Die Ergebnisse von Langzeitstudien stehen noch aus. Da in den letzten zwei Jahren über etliche Fälle von reiner Erythrozytenaplasie/Erythroblastopenie (Pure Red Cell Aplasia) nach subkutaner Gabe von Epoetin alfa berichtet wurde (21), wird dabei besonderes Augenmerk auf eine mögliche induzierte Antikörperbildung gegen die Substanz oder gegen endogenes EPO gelegt. Eine solche Antikörper-Induktion trat allerdings bei Darbepoetin alfa laut Herstellerangaben nur im hochdosierten Tierversuch auf, unter Therapie beim Menschen aber bisher in keinem Fall.
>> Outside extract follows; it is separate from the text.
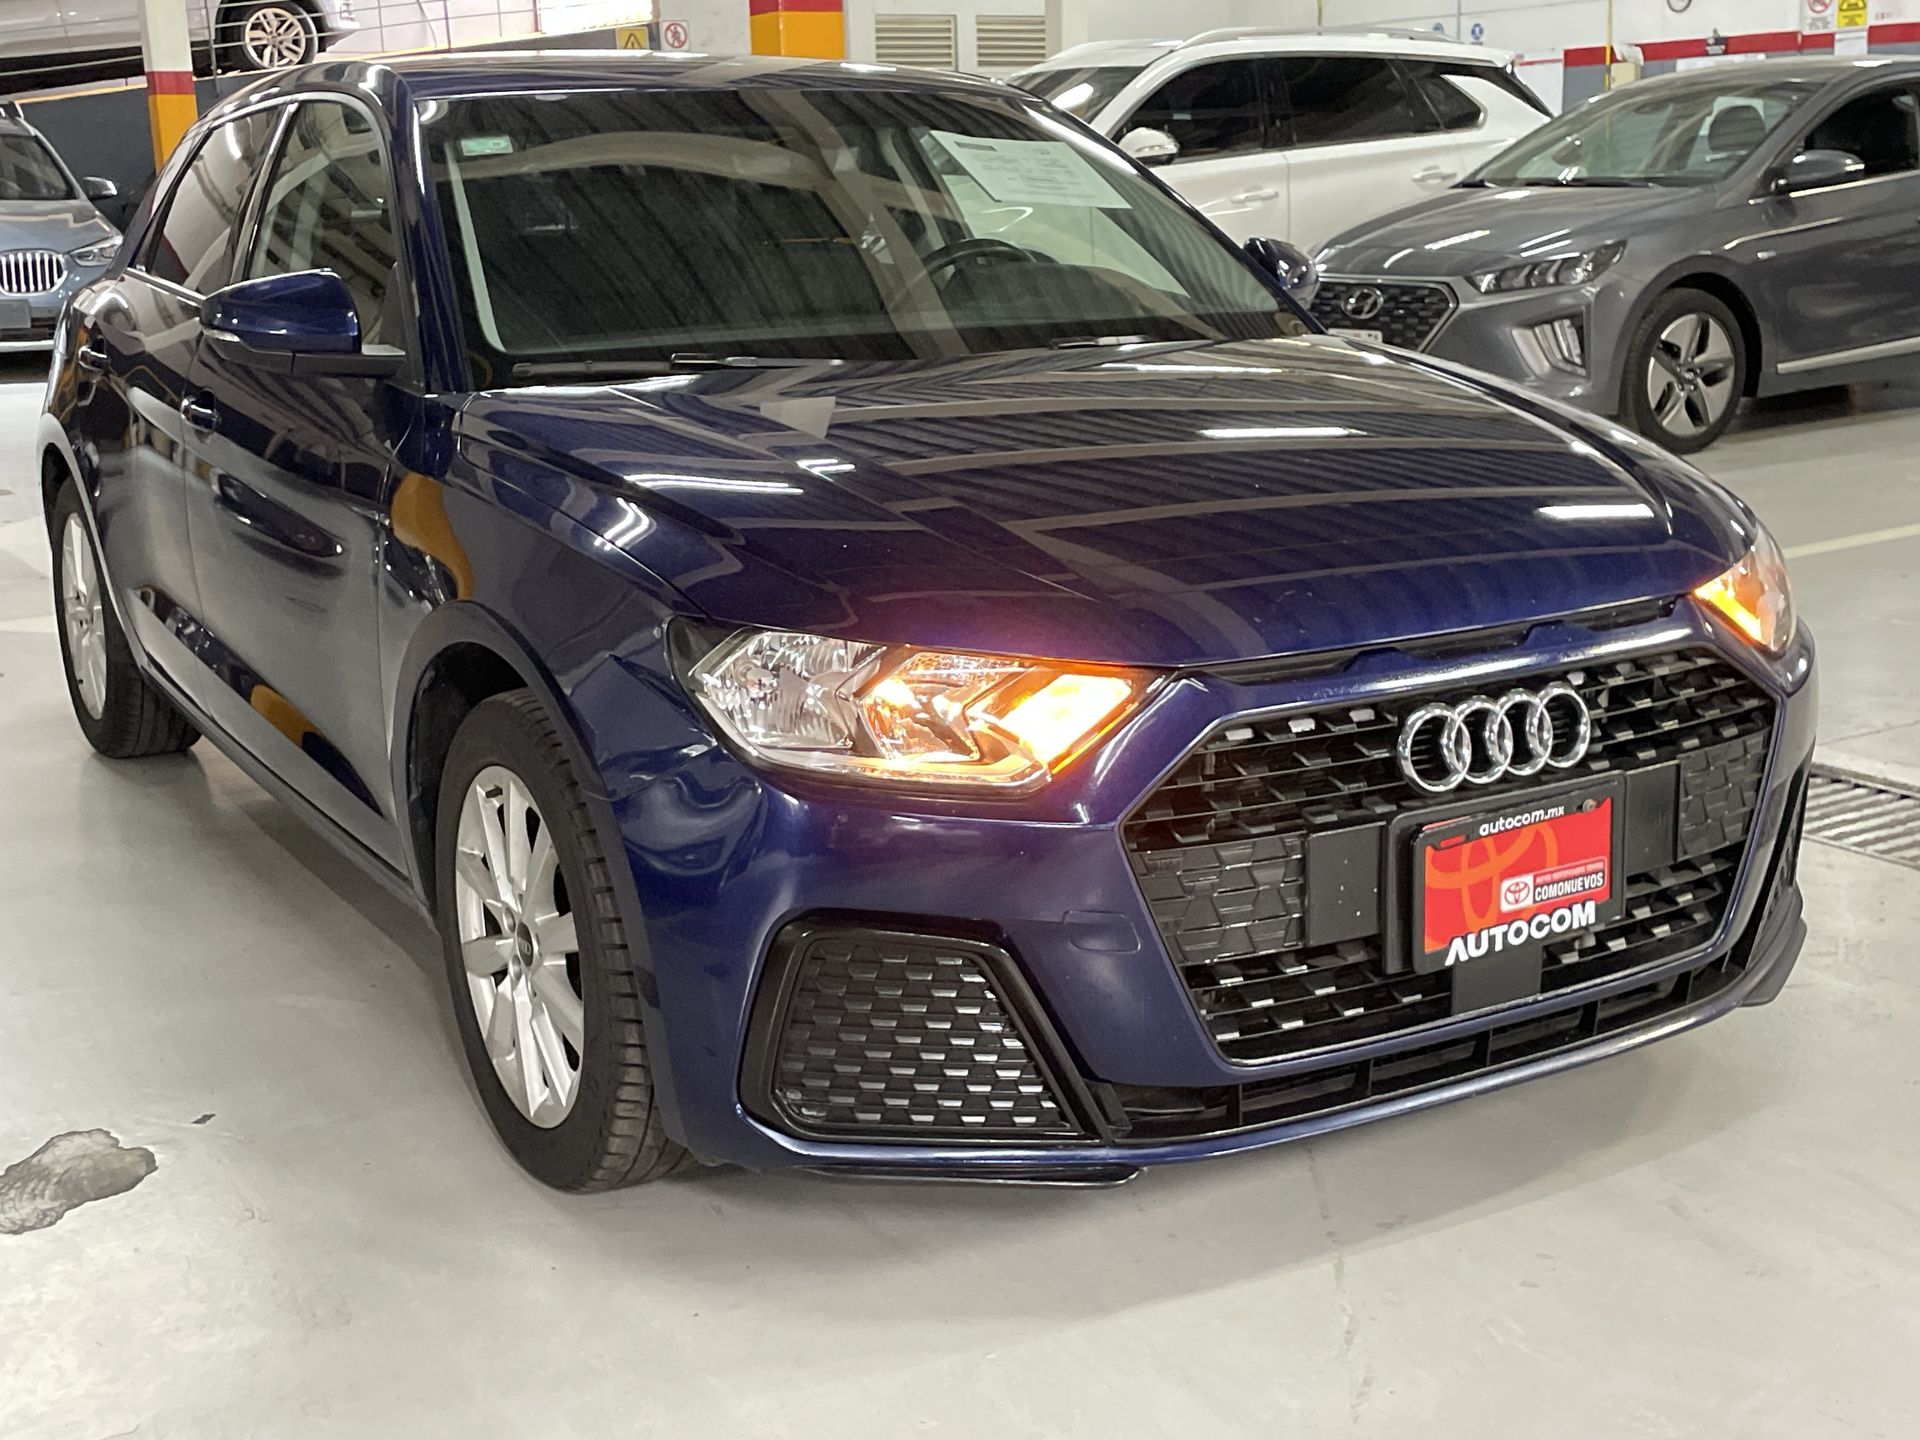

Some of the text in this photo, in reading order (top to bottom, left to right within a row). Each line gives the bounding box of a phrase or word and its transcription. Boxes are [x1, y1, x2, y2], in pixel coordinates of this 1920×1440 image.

[1479, 806, 1565, 836] autocom.mx
[1535, 872, 1603, 902] COMONUEVOS
[1444, 902, 1596, 966] AUTOCOM
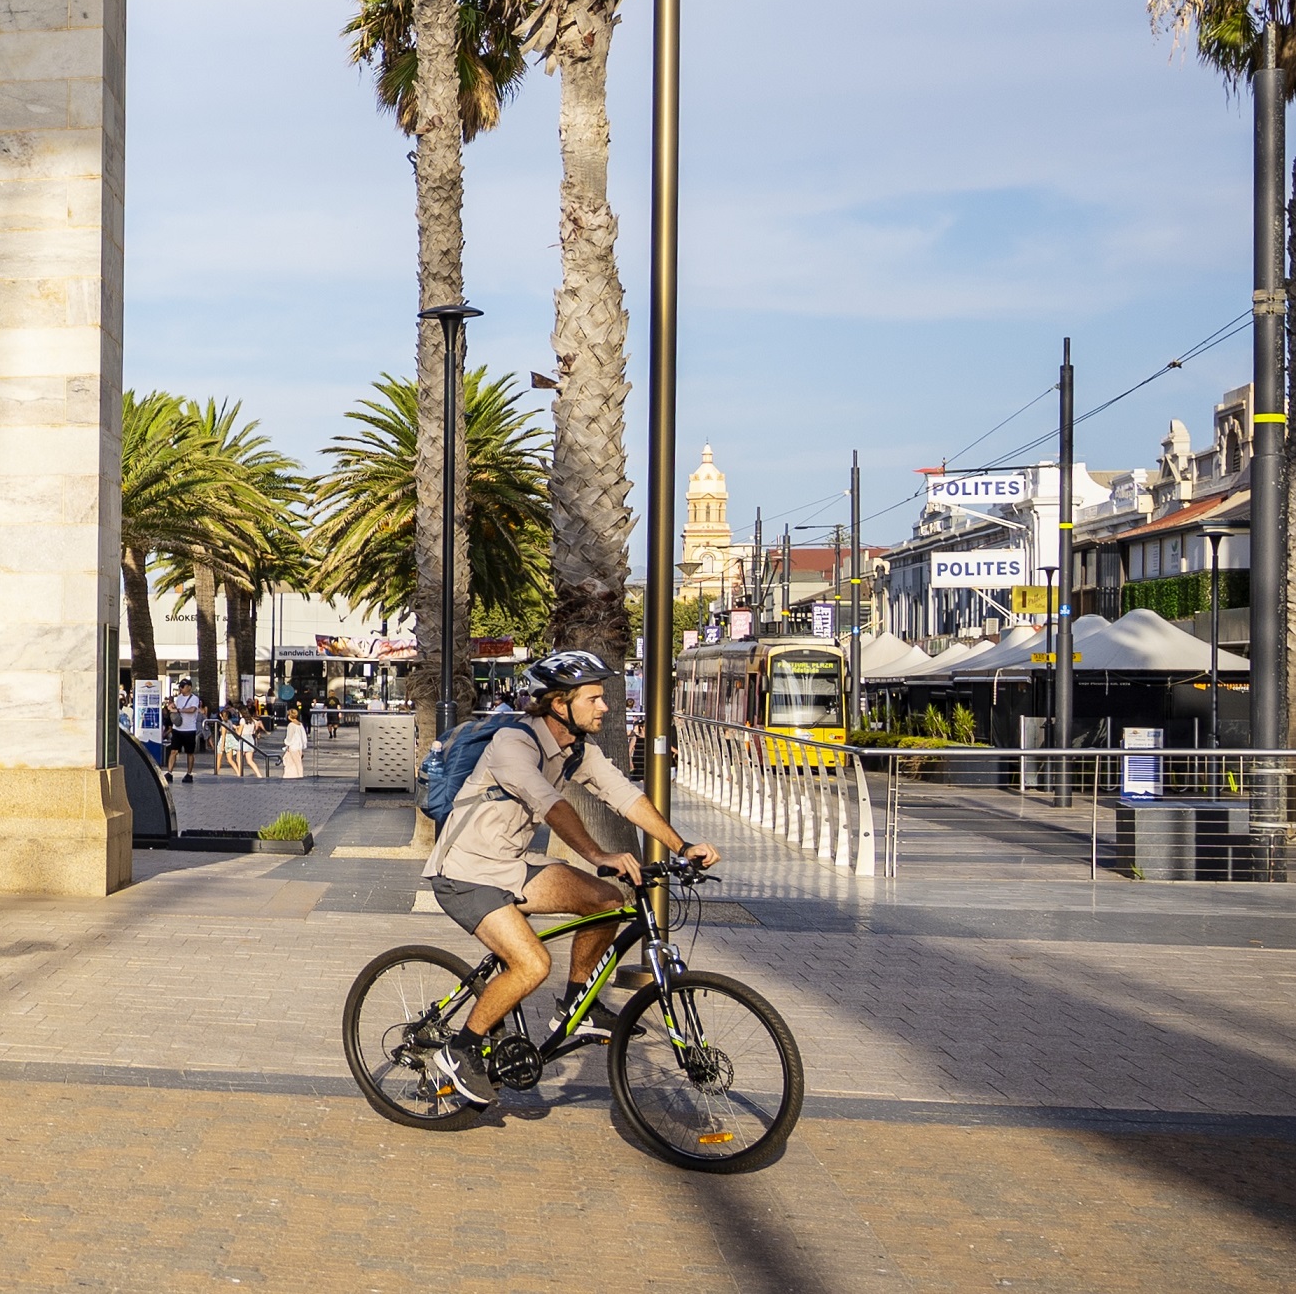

Wertende Zusammenfassung Darbepoetin alfa ist ein modifiziertes Erythropoetin, das sich allein in pharmakokinetischer Hinsicht vom endogenen Hormon und den bisher auf dem Markt befindlichen Präparaten unterscheidet. Die Verdoppelung bis Verdreifachung der Wirkdauer bedeutet für viele Patienten, seltener die Praxis oder Klinik aufsuchen zu müssen, und damit einen erheblichen Zuwachs an Lebensqualität. Auch im Hinblick auf die geringere zeitliche und personelle Beanspruchung der verabreichenden Institution wird ein Vorteil ersichtlich, insbesondere dann, wenn die Applikationsintervalle wirklich praxisnah auf die Dauer von Chemotherapiezyklen bei ambulanten Krebspatienten ausgeweitet werden können. Erfahrungen in der Langzeittherapie liegen noch nicht vor. Fazit: Kein therapeutisches Neuland, aber eine erfreuliche und praktische Weiterentwicklung.